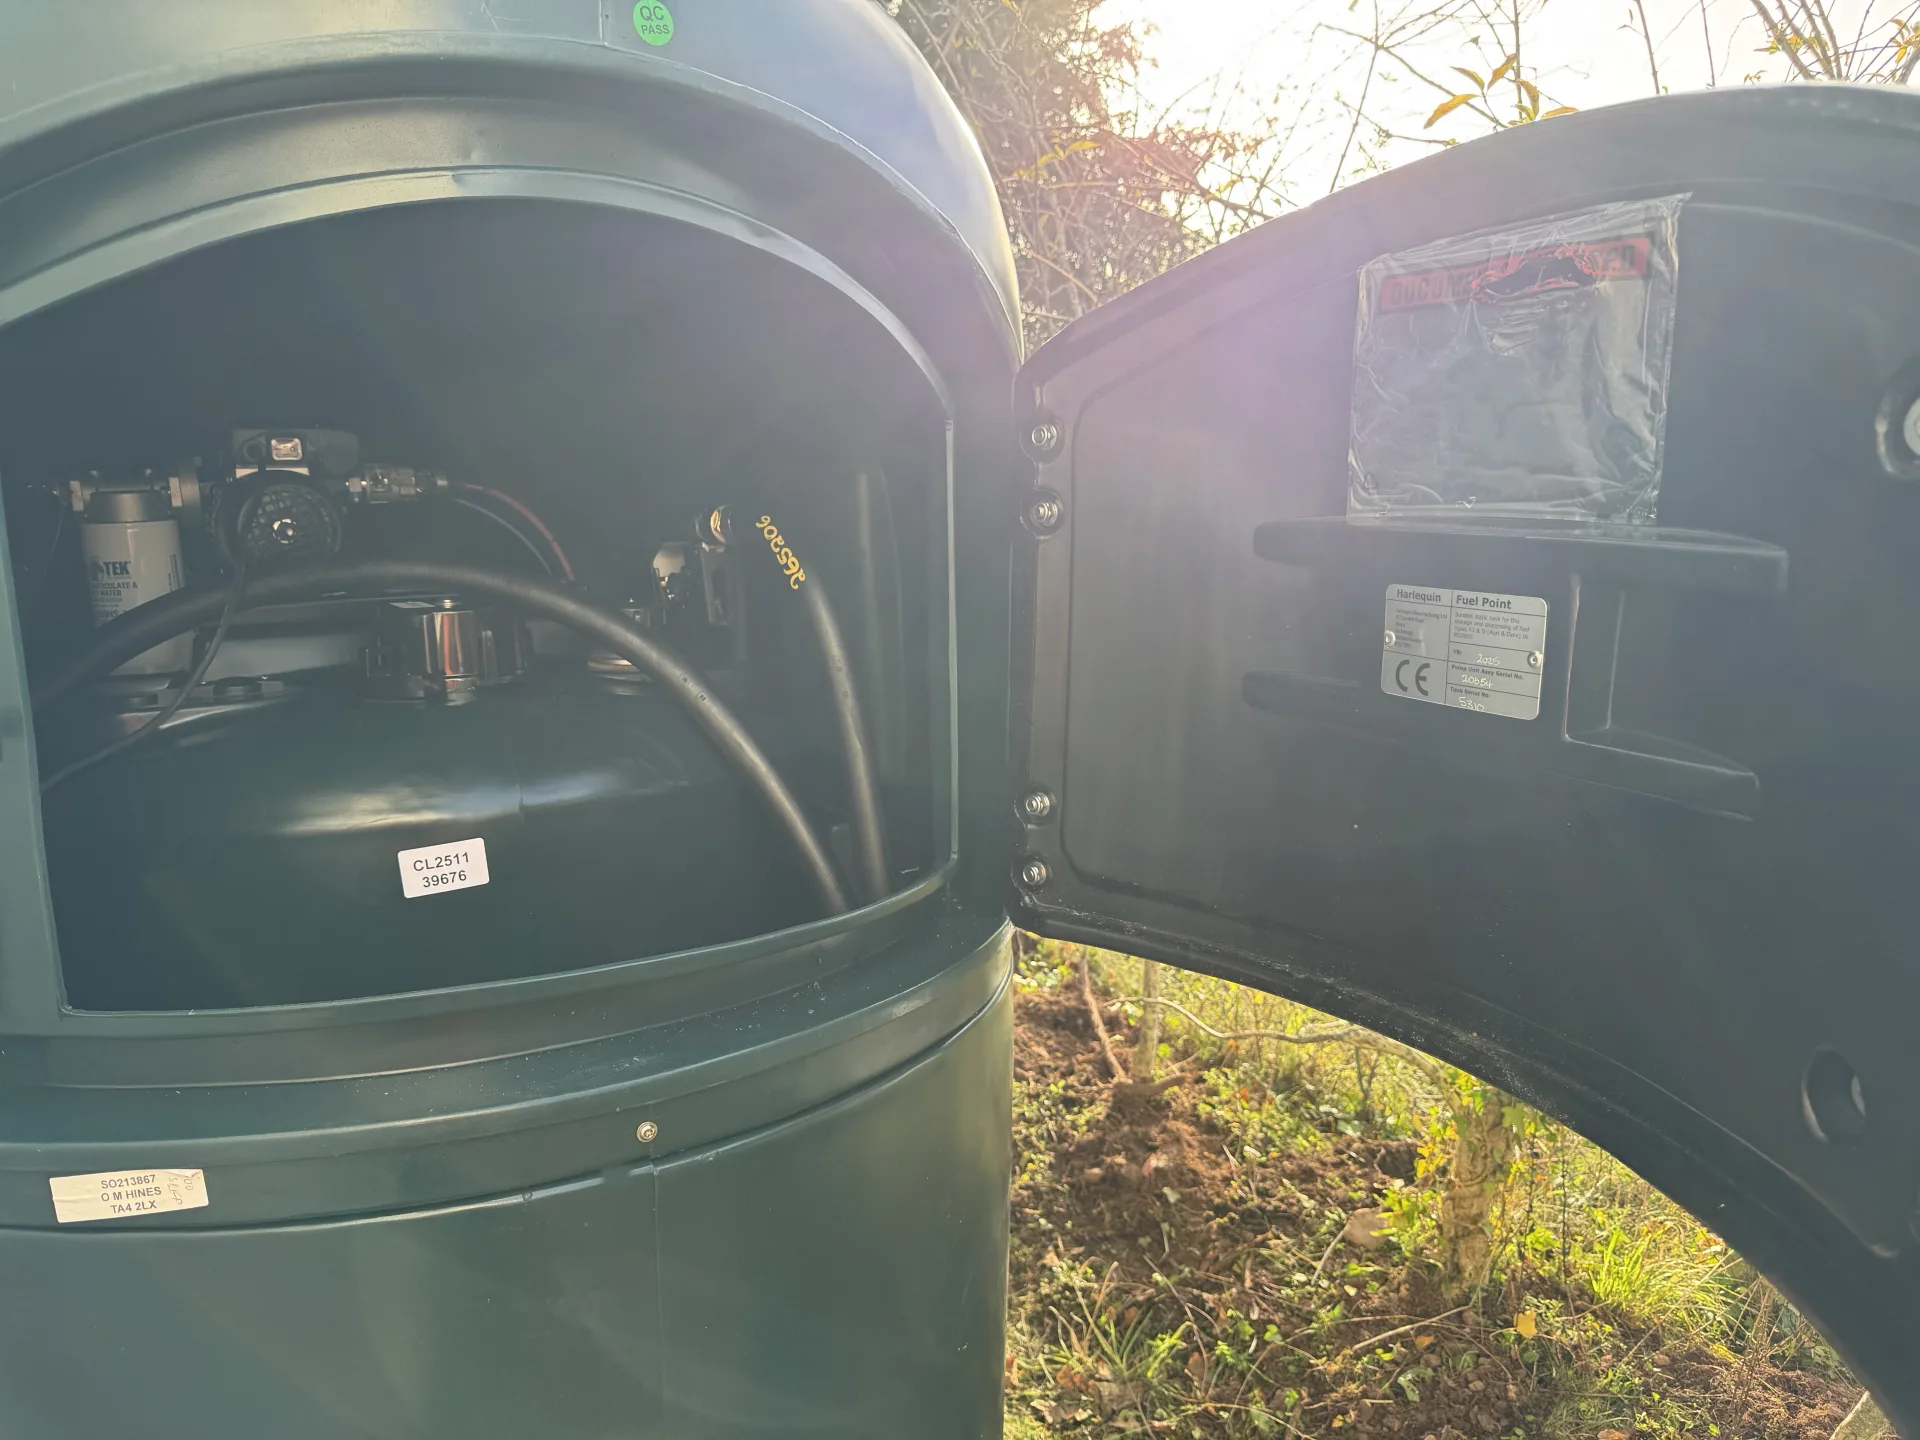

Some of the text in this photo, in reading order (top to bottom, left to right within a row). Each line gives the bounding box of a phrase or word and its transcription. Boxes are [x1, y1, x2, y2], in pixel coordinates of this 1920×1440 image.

[640, 5, 664, 21] QC
[641, 24, 670, 35] PASS
[755, 515, 806, 590] 265206
[1396, 589, 1441, 603] Harlequin
[1456, 594, 1512, 610] Fuel Point
[1476, 654, 1500, 667] 2025
[1395, 659, 1430, 697] CE
[1451, 665, 1524, 680] Pump Unit Assy Serial No.
[1450, 686, 1491, 698] Tank Serial No.
[413, 852, 469, 872] CL2511
[422, 870, 467, 888] 39676
[100, 1174, 156, 1189] SO213867
[101, 1186, 162, 1202] O M HINES
[110, 1200, 158, 1214] TA4 2LX

=======

The required output is each line above restated verbatim, with all images omitted.

▶ Answer for this exercise:
Some of the text in this photo, in reading order (top to bottom, left to right within a row). Each line gives the bounding box of a phrase or word and its transcription. Boxes are [x1, y1, x2, y2], in pixel coordinates of this 1920×1440 image.

[640, 5, 664, 21] QC
[641, 24, 670, 35] PASS
[755, 515, 806, 590] 265206
[1396, 589, 1441, 603] Harlequin
[1456, 594, 1512, 610] Fuel Point
[1476, 654, 1500, 667] 2025
[1395, 659, 1430, 697] CE
[1451, 665, 1524, 680] Pump Unit Assy Serial No.
[1450, 686, 1491, 698] Tank Serial No.
[413, 852, 469, 872] CL2511
[422, 870, 467, 888] 39676
[100, 1174, 156, 1189] SO213867
[101, 1186, 162, 1202] O M HINES
[110, 1200, 158, 1214] TA4 2LX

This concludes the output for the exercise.